Y no murió. Se curó poco a poco, por un prodigio de resistencia física y moral: se levantó y volvió a caminar por las calles de la aldea, con la cabeza bien alta.
Volvió a acompañar los entierros de los que se iban. Y los supervivientes, lo mismo que los individuos de las nuevas generaciones lo señalaban con el dedo, con sorda envidia.
—Ahí va el hombre que no quiere morir… y lo cierto es que sigue viviendo.
Sí, lo señalaban con una envidia sorda, pero al mismo tiempo con una. admiración secreta y justiciera, con una vaga esperanza. ¡Quién puede saber!.. ¿Quién sabe si la vida puede prolongarse indefinidamente? Si bastara con la voluntad… ¿Quién sabe?…
Era ya viejo, muy viejo, aquel obstinado de la vida… Y seguía sonriendo maliciosamente.

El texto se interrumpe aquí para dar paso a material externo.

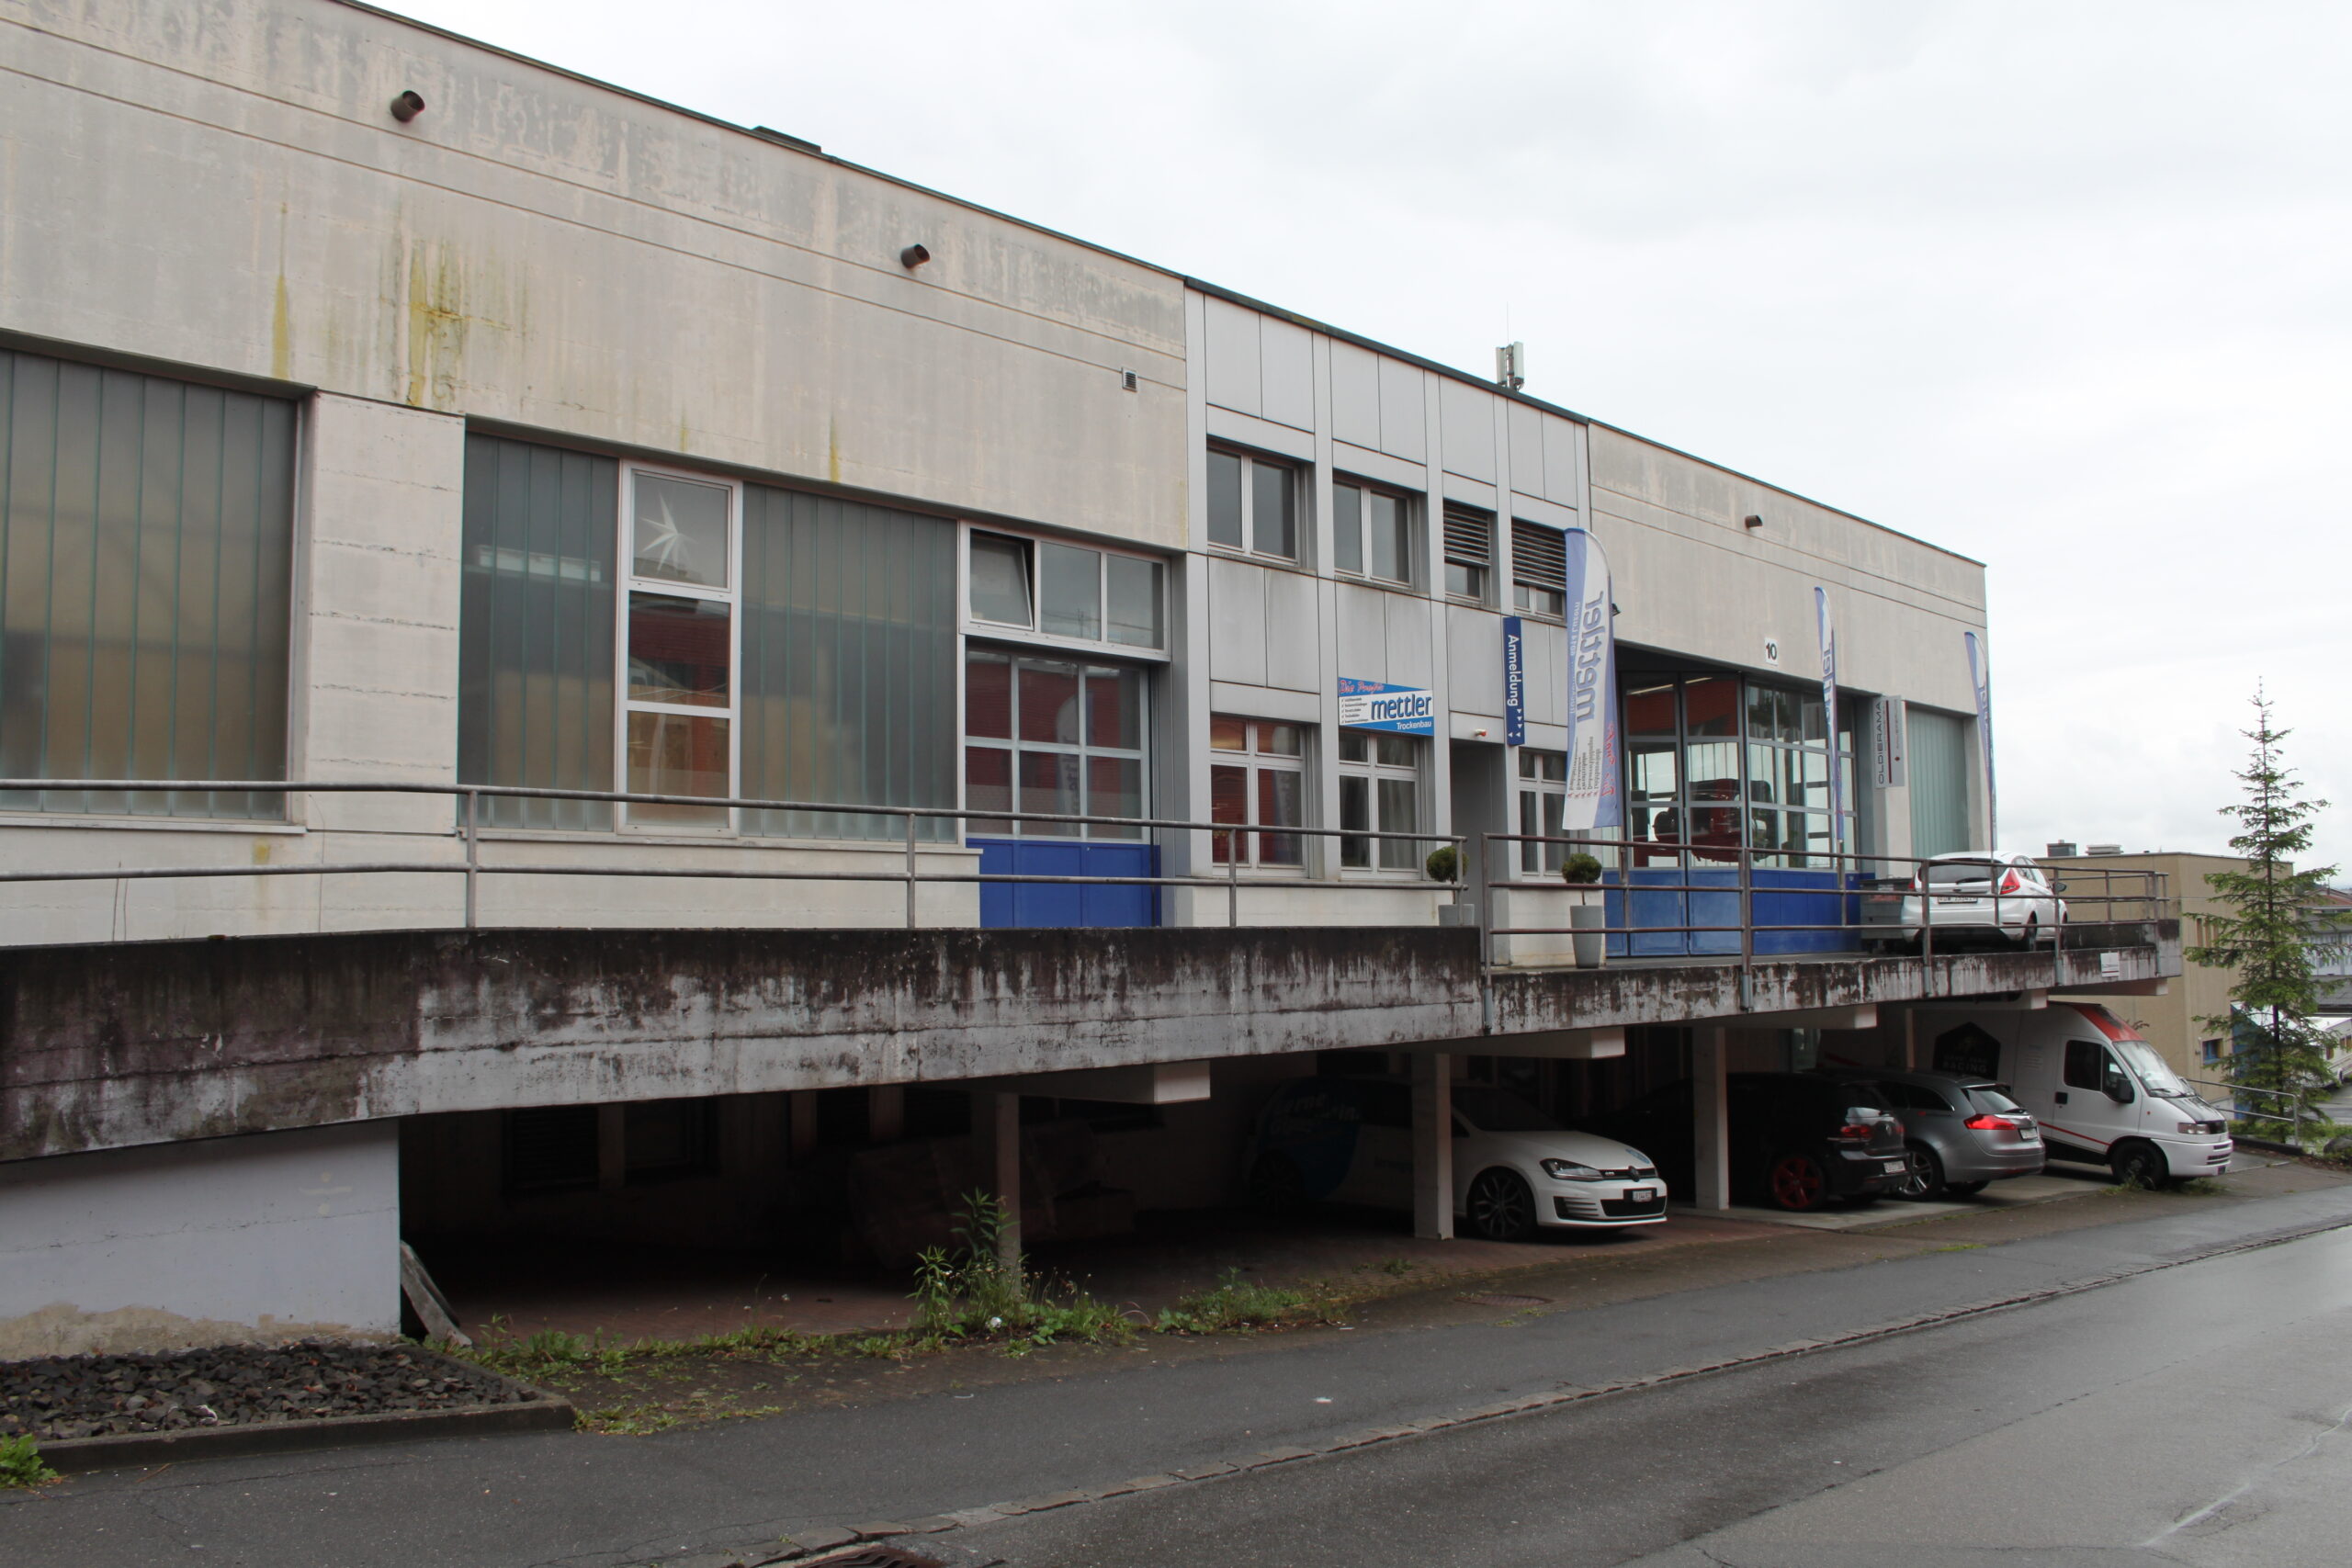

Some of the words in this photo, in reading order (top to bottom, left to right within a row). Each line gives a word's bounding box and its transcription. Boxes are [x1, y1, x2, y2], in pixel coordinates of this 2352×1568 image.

[1766, 642, 1777, 660] 10
[1508, 634, 1522, 707] Anmeldung
[1339, 680, 1355, 694] Die
[1371, 694, 1432, 720] mettler
[1396, 720, 1432, 730] Trockenbau
[1875, 701, 1884, 784] OLDIERAMA
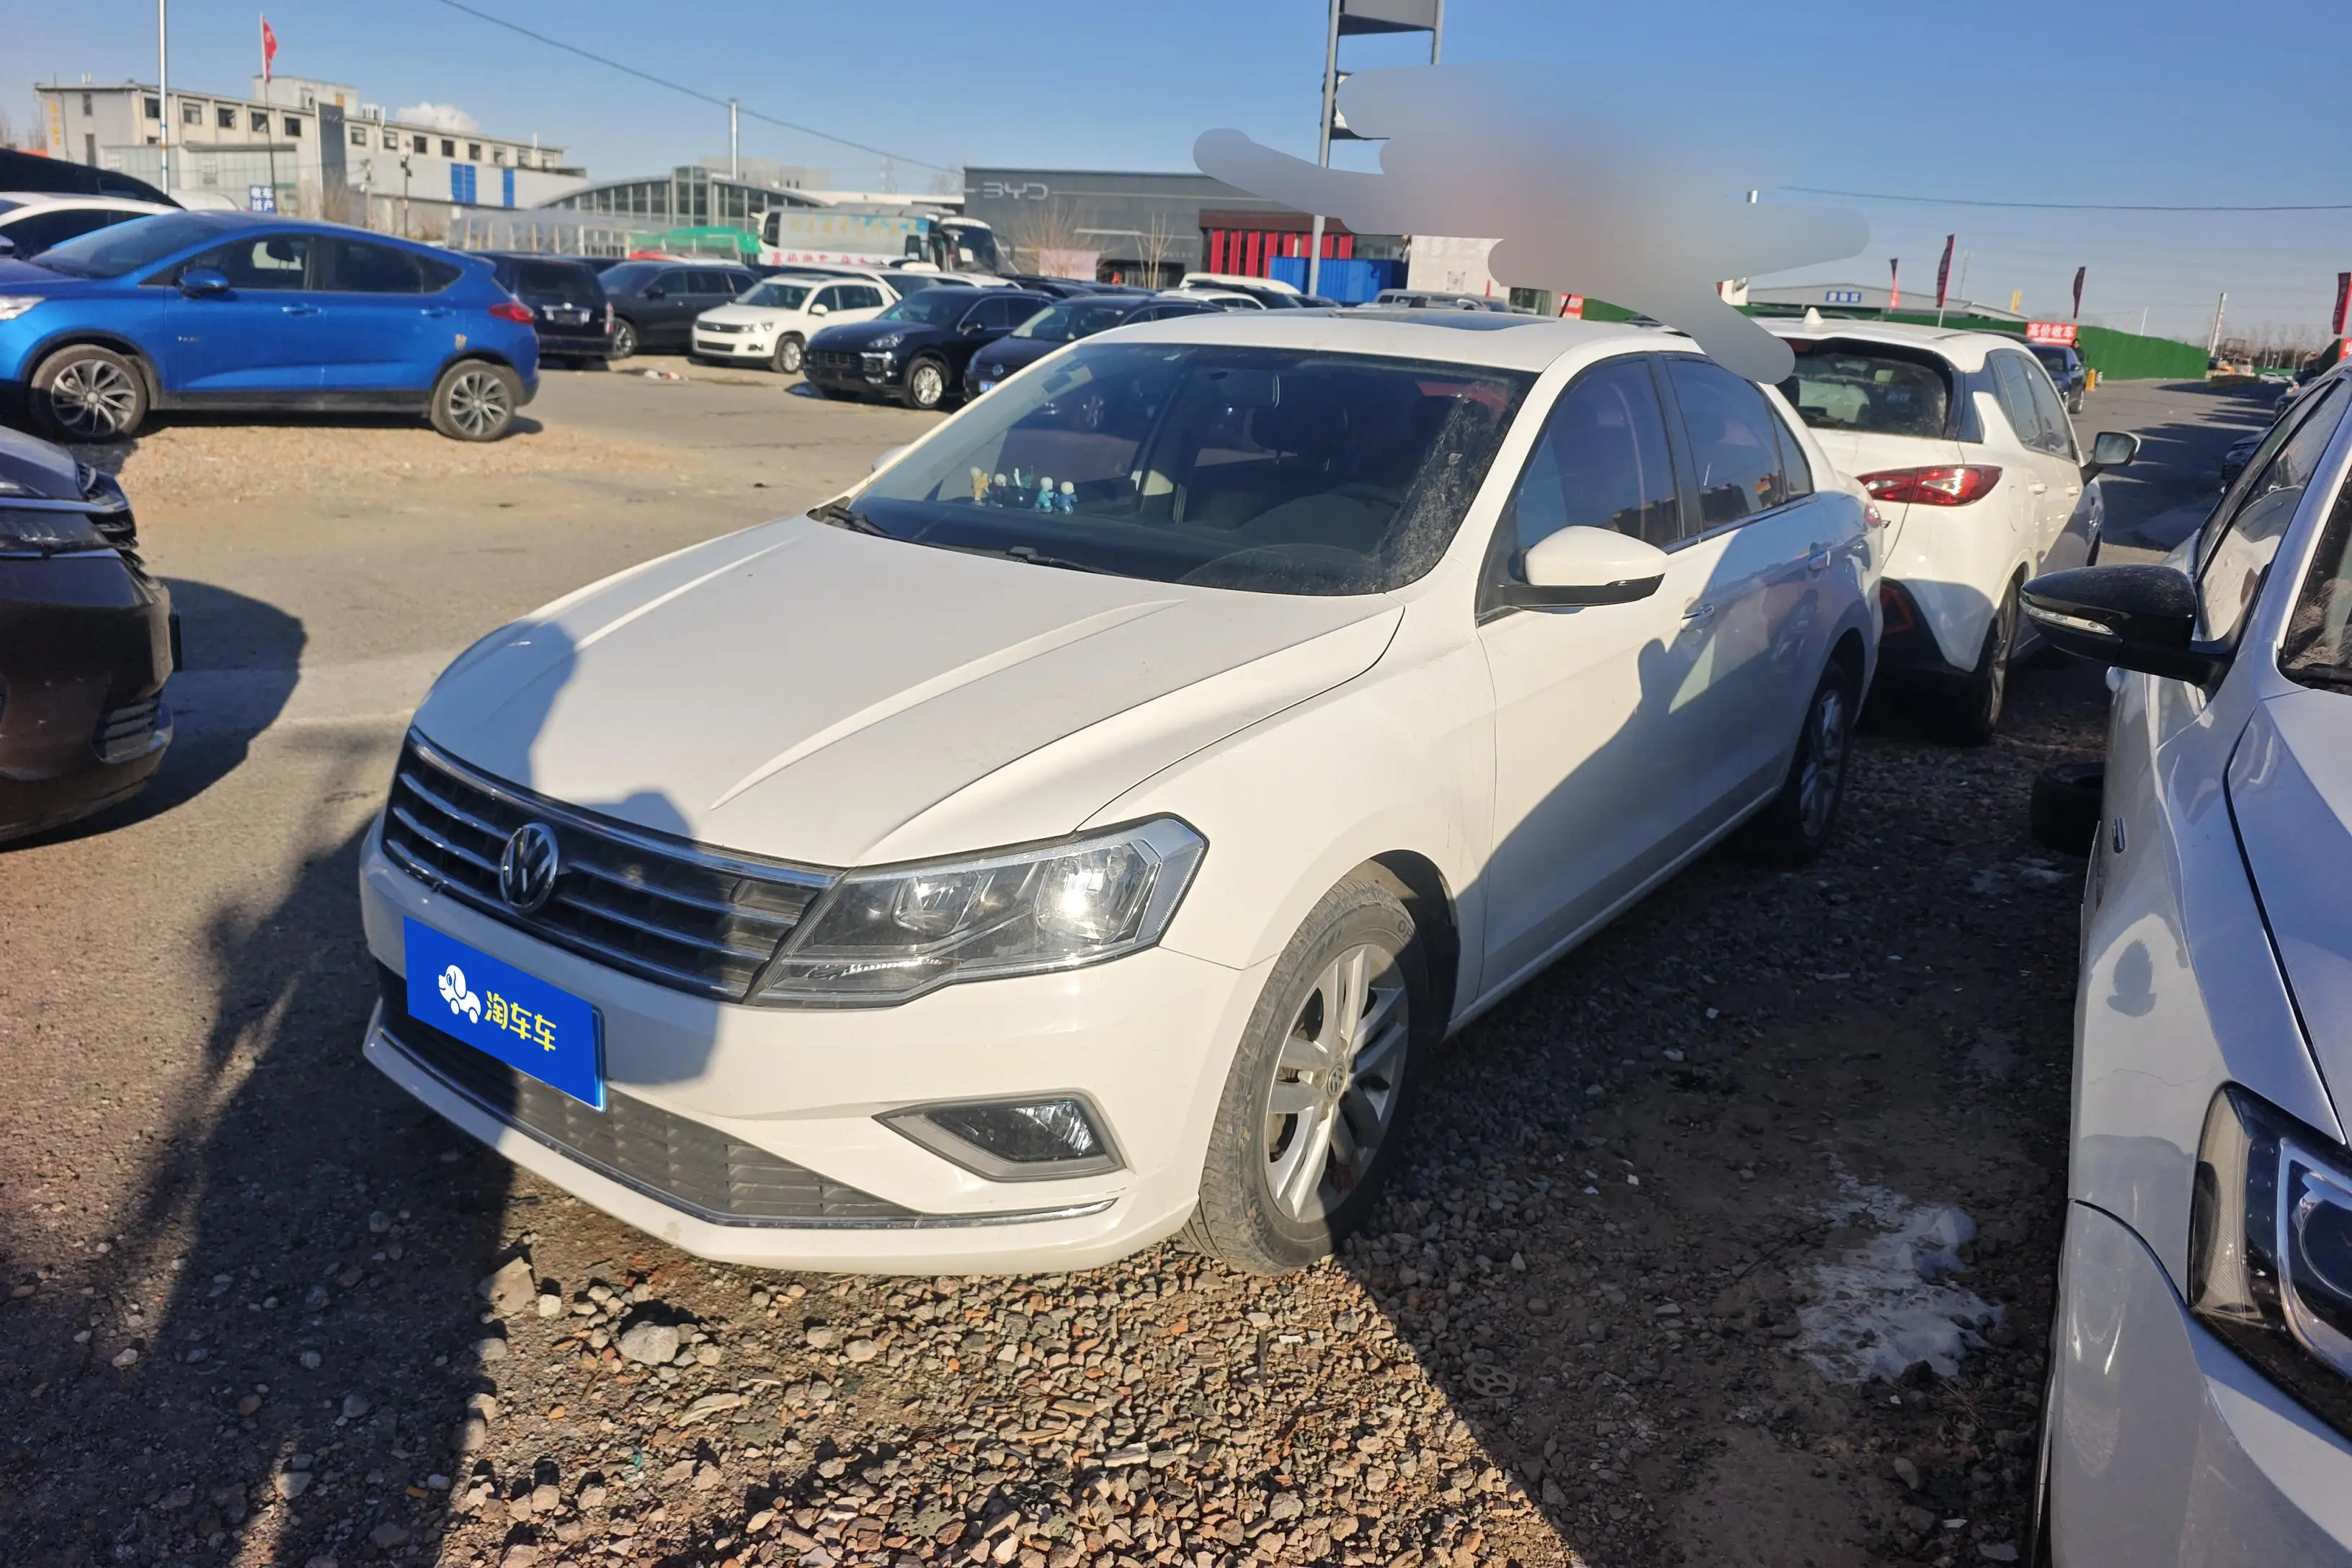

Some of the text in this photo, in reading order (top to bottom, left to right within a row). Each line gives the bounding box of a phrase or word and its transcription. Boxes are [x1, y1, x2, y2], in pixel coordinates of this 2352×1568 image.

Don Mariani también era viejo, tan viejo como Rocco Binda, aunque no declaraba que pretendía ser inmortal. Y los adversarios se sonreían el uno al otro sacudiendo la cabeza sin decirse nada, en una espera que parecía hacerse más solemne a medida que pasaba el tiempo y que las gentes morían.
Pues el tiempo pasaba y las gentes morían; pero Rocco Binda se quedaba.
¿Sería verdad que no iba a morir nunca?
***
Siguieron pasando los años. Y ya todo el mundo aceptaba la inmortalidad de Rocco Binda.
Pero un día, lo encontraron muerto sobre su campo sembrado de remolachas. Había muerto repentinamente. Había muerto con la convicción de que no moriría nunca.
Don Mariani lo acompañó al cementerio, satisfecho de ver cumplidas irremisiblemente las leyes de la vida y de la muerte. Y dijo con una sonrisa melancólica:
—Al fin, ha ido donde tenemos que ir todos.